Jan 25, 2018 05:00 AM

China’s Biggest Private Mental Health Hospital Dives on Failed Listing

The need for mental health services is growing in China. Photo:CFP
The need for mental health services is growing in China. Photo:CFP

The share price of Wenzhou Kangning Hospital Co., China’s largest private psychiatric hospital group, plunged 11% in Hong Kong on Wednesday after its bid to raise 193 million yuan ($30 million) from an initial public offering (IPO) on the mainland was rejected.

The China Securities Regulatory Commission questioned the hospital’s connected transactions – deals made between affiliated parties that may put other shareholders’ interest at risks – and some of its accounting of investments, the regulator said in a statement on Tuesday. The securities regulator also expressed concerns over how Kangning offers management services to some other mental hospitals and the legal risks of its property business.

The listing rejection will not affect Kangning’s financial conditions and operations, the company said in a statement published after the commission’s decision. The hospital group said it will use internal resources or seek other channels to raise capital.

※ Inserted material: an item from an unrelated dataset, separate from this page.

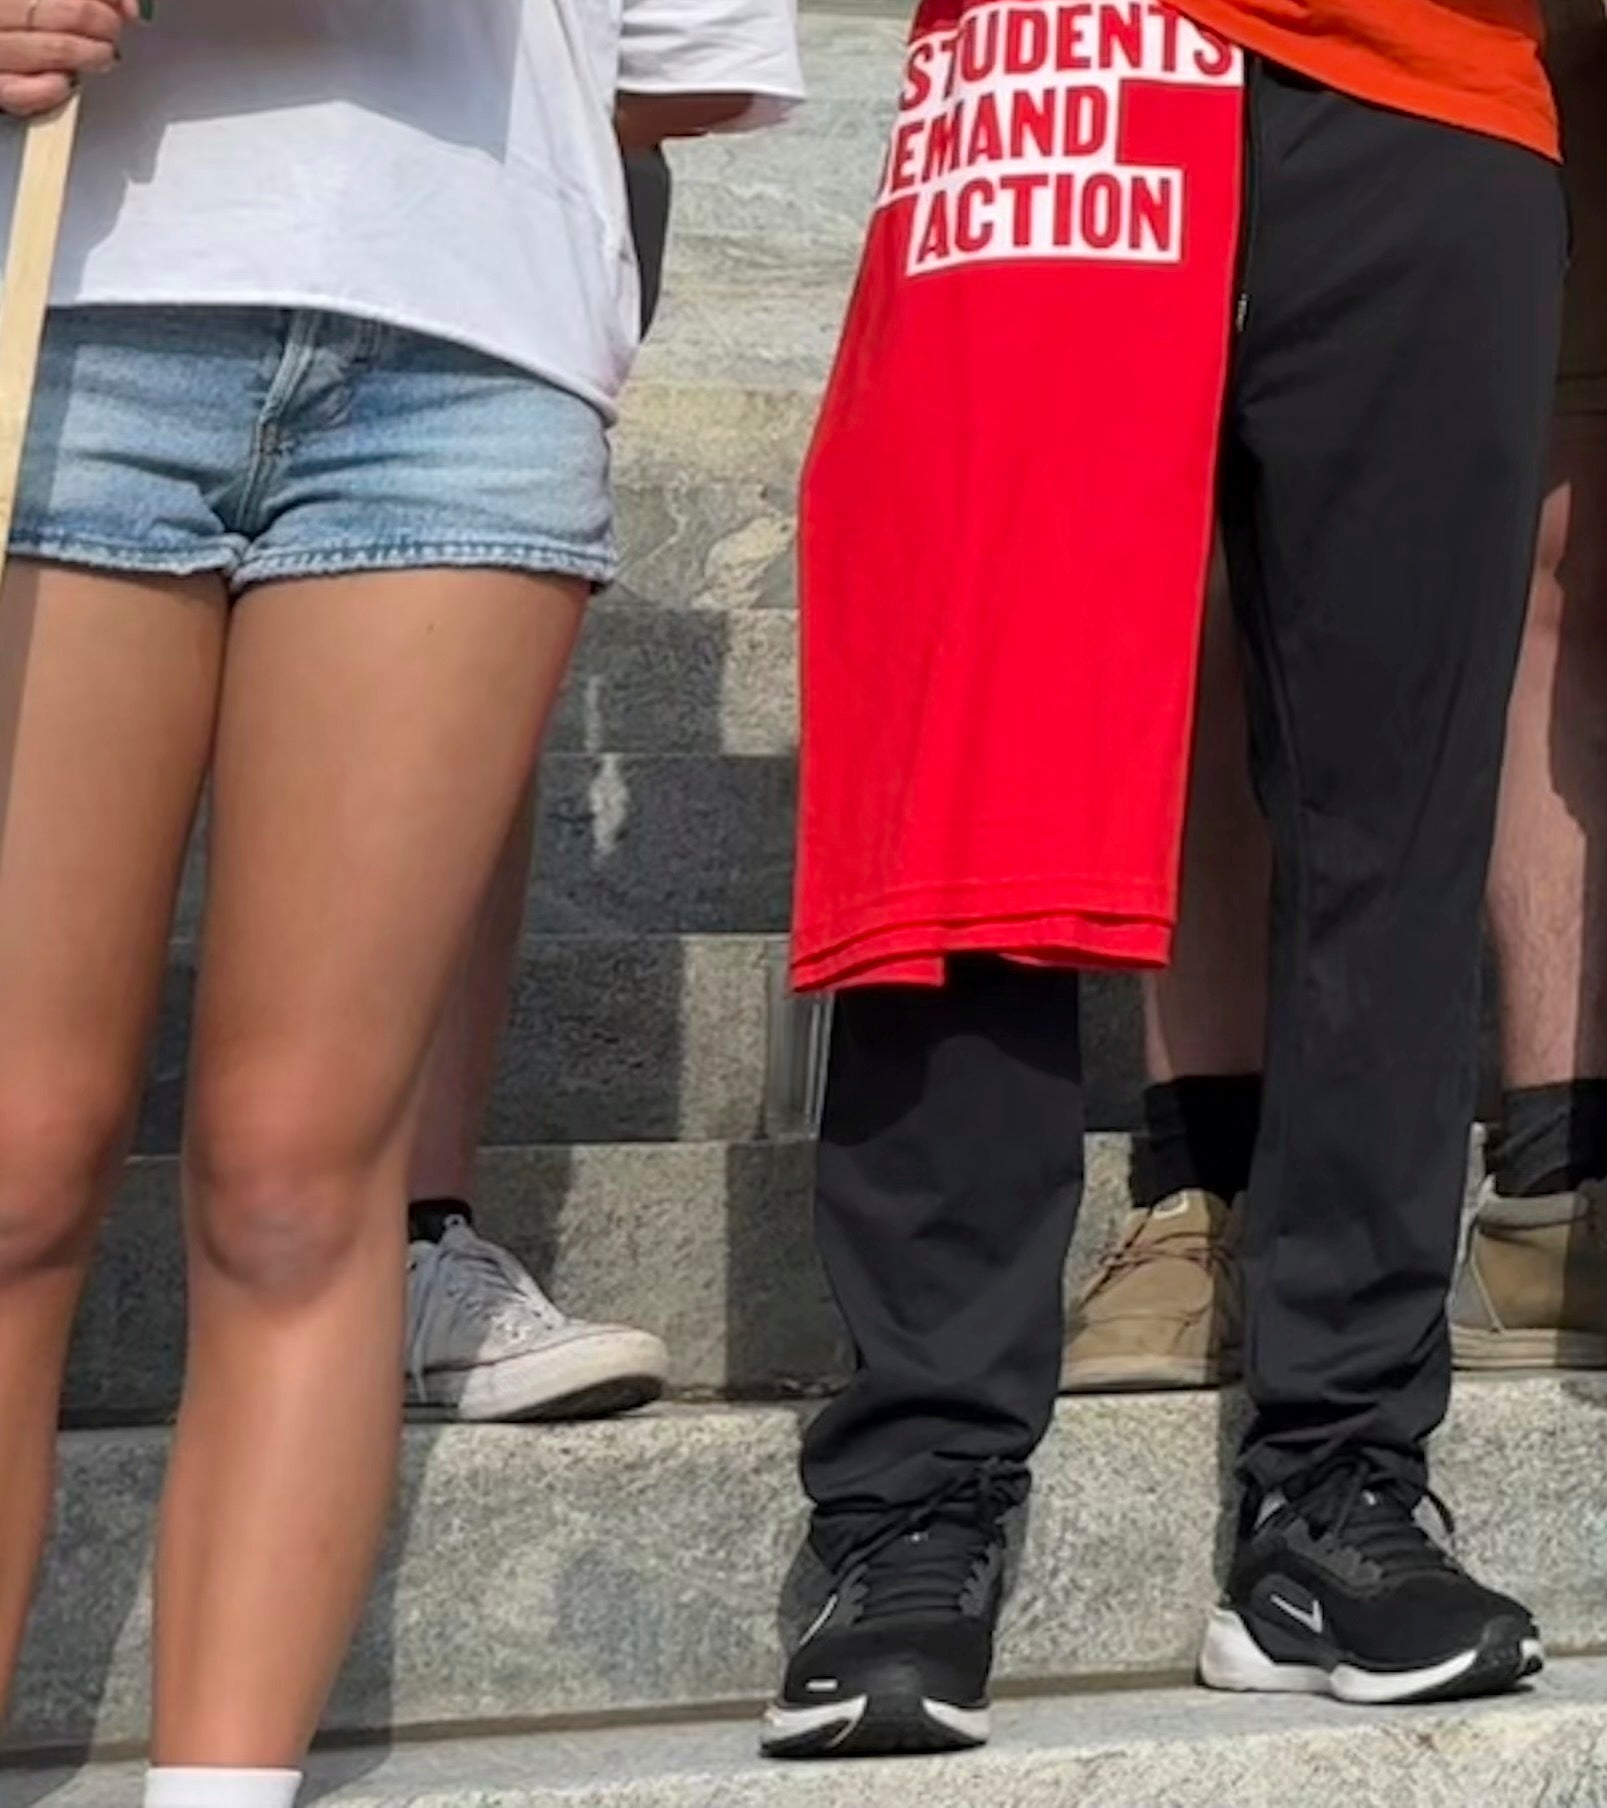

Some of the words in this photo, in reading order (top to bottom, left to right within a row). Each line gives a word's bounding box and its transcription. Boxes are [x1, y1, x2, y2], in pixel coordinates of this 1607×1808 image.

[901, 2, 1234, 112] STUDENTS
[880, 84, 1109, 193] EMAND
[916, 172, 1171, 263] ACTION

Kangning was among six companies that the regulator snubbed for IPOs on Tuesday. That was the biggest single day of rejections since October, when the CSRC reshuffled its initial public offering review panel, tightening oversight on stock issuance.

The mental hospital was seeking an IPO on China's domestic A-share market to raise 193 million yuan by issuing 81 million new shares. If accepted, it would have become the first company focused on mental health to be listed in the mainland market. The hospital had filed for an A-share IPO in 2016 but halted the plan for changes of legal advisers. In May 2017, it resumed the application.

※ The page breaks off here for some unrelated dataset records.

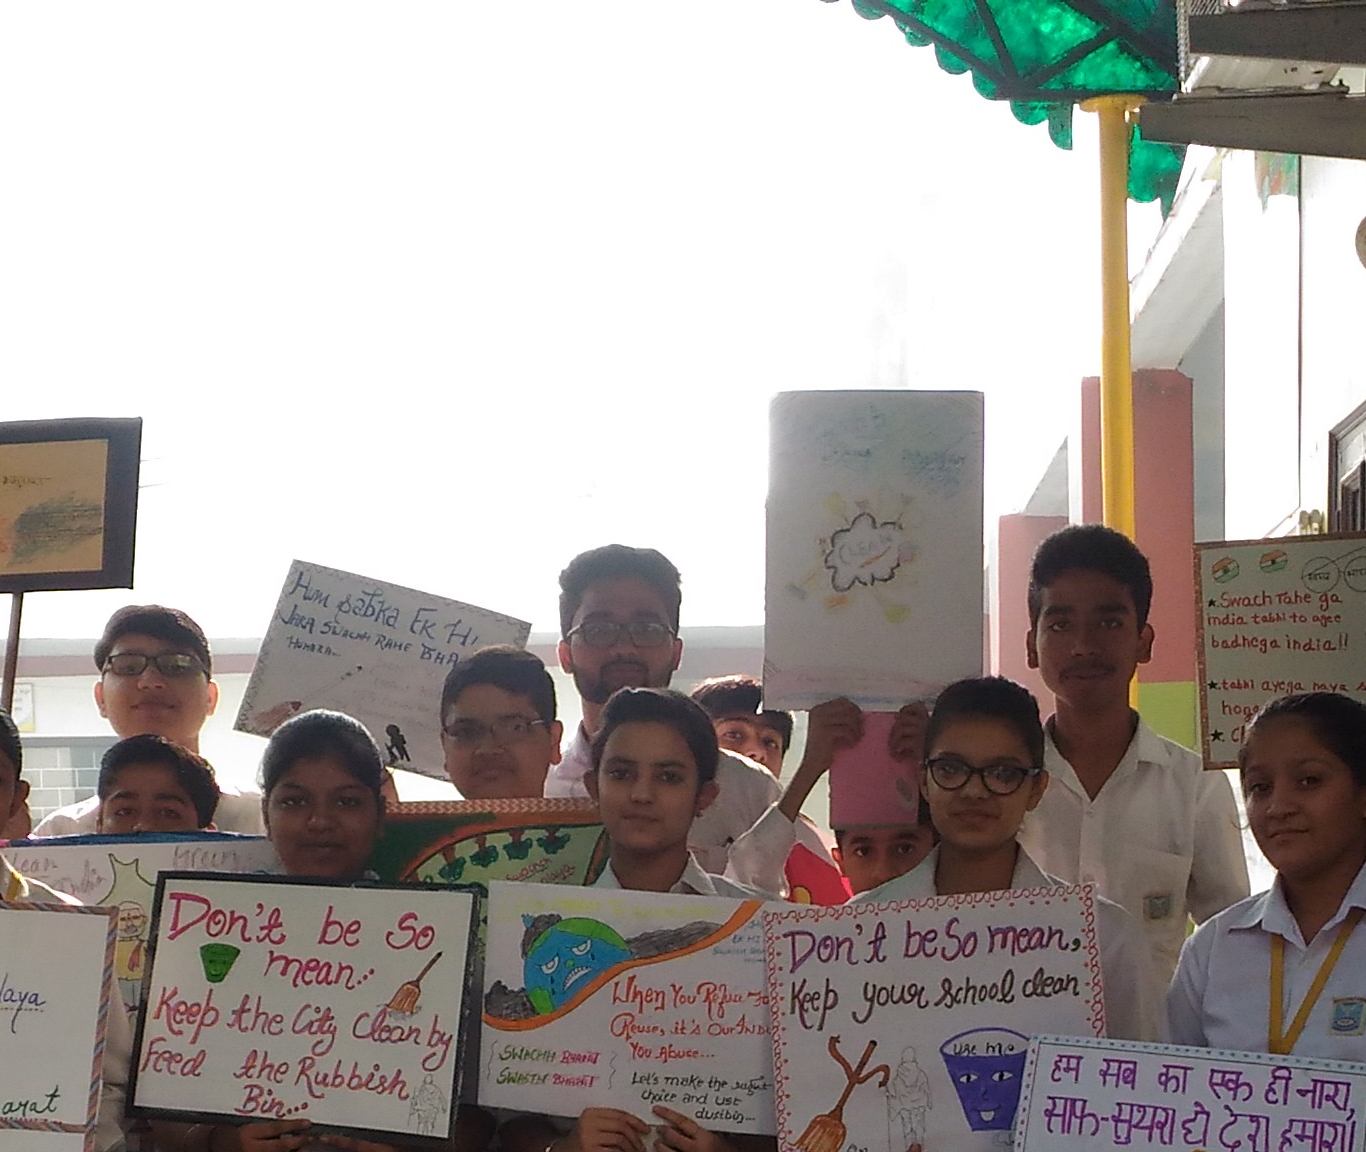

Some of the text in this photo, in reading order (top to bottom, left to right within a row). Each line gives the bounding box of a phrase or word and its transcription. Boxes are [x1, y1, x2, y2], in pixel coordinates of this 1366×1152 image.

[1289, 614, 1307, 623] to
[1319, 592, 1343, 612] ga
[419, 643, 460, 665] BHA
[167, 892, 286, 945] Don't
[318, 905, 362, 947] be
[784, 921, 887, 974] Don't
[904, 920, 937, 958] be
[612, 975, 665, 1014] When
[670, 982, 697, 1008] You
[789, 978, 839, 1031] Keep
[852, 980, 929, 1024] your
[1022, 967, 1081, 998] clean
[153, 986, 220, 1044] Keep
[227, 994, 285, 1036] the
[422, 1014, 454, 1072] by
[233, 1049, 290, 1084] the
[294, 1056, 411, 1101] Rubbish
[664, 1074, 704, 1090] make
[708, 1075, 728, 1092] the
[1051, 1054, 1084, 1083] हम
[1099, 1058, 1138, 1090] सब
[1158, 1064, 1194, 1094] का
[1208, 1068, 1253, 1101] एक
[1264, 1066, 1292, 1105] ही

The regulator also questioned share sales by Kangning’s biggest shareholders. In 2015, the company raised HK$780 million in its Hong Kong debut. Its shareholder CDH Investments sold all of its 8.91% of holdings, or about HK$130 million a year later. Company founder Guan Liwei and his wife Wang Hongyue also reduced 3.8% of the holdings.

Founded by Guan, Kangning operates 10 hospitals in China, including one that specializes in integrated treatment with traditional Chinese medicine and western drugs.

In the first six months of 2017, Kangning reported earnings of 30.3 million yuan, with a 39% debt ratio. In 2016, the company’s revenue rose 21% year-on-year to 416 million yuan. Net income of 2016 increased 24% to 68.8 million yuan. Medical treatment and services accounted for nearly 70% of the company’s 2016 profit, while 25% came from drug sales.

Kangning’s gross profit margin growth slowed in 2015 and 2016 due to high management costs at one of its hospitals in Beijing and the opening of two new hospitals, Kangning said.

The mental-health-care market in the Chinese mainland is massive and the need is acute. About 180 million people in China suffer from psychiatric disorders, with 80 million severely affected patients, according to a report released by Industrial Securities Co. China's psychiatric market reached 29.9 billion yuan in 2014, with a compound growth rate of 20 percent during the 2010-2014 period, it said.

The outlook for Kangning’s business is good, the brokerage said. Kangning has a 0.99% slice of mental health market in China, making it the country’s second-biggest in term of market share. With more new hospitals opening, Kangning’s annual revenue is expected to remain steady, with a growth rate of 20% to 30% in the next three years, Industrial Securities said.

Kangning’s shares closed at HK$41 on Wednesday after falling as much as 16% in intraday trading.